Easy is also a subjective word. Some new fish keepers only have the resources to keep small dwarf gouramis while some new keepers may have the means of taking care of a giant gourami right off the bat. Use your best judgment to choose the best gourami for you.
Why are my gouramis changing color?
Color changing may be due to inadequate conditions in your aquarium. For example, in three spotted gourami, their spots may fade due to stress. Test your water to make sure that the temperature, pH, and dH are within the correct levels for your species. If there are too many fish, consider transferring some to a new tank or selling them.
In some species, your gourami may just be maturing. For example, the moonlight gourami gets a light green tint as they mature. This is completely harmless. If your species is not known to change color naturally, look for a different cause.
It might also be due to disease. For example, dwarf gouramis get duller in color when they get Dwarf Gourami Iridovirus (DGIV). Color changing due to disease will often come with other symptoms, such as lethargy, loss of appetite, tumors, and more.
If you believe that your gourami is changing color due to disease, get them treatment as soon as possible. Move them to a separate tank to keep your other fish safe and get medication.
Gouramis are a fun way to add a splash of color to your aquarium. No matter your skill set or experience, there is a species of gourami for you.

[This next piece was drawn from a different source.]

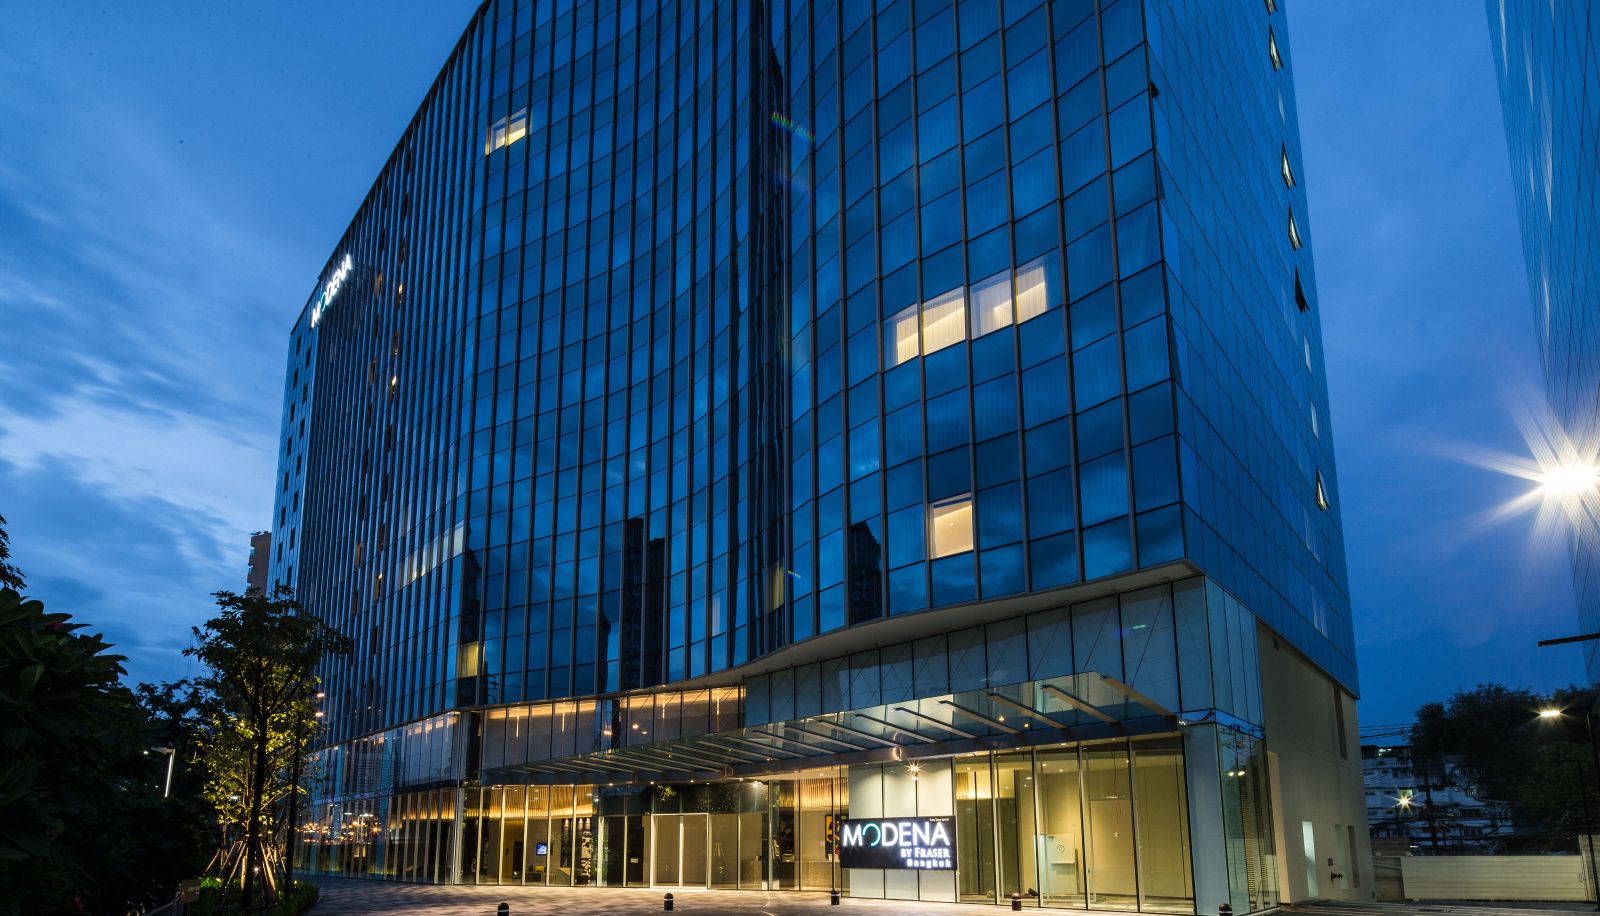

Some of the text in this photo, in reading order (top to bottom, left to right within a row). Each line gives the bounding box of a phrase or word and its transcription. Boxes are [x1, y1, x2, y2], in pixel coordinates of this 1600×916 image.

Use this care guide to help give your gourami a great life. Though this article only outlined eight different species, be aware that there are many more species out there to choose from.
Most gouramis require the same care requirements, but it is important to research your particular species before buying one. Your particular species may need something else that other gouramis don’t, or vice versa. Remember that even fish require the same amount of care as any other pet, and only deserves the best care possible.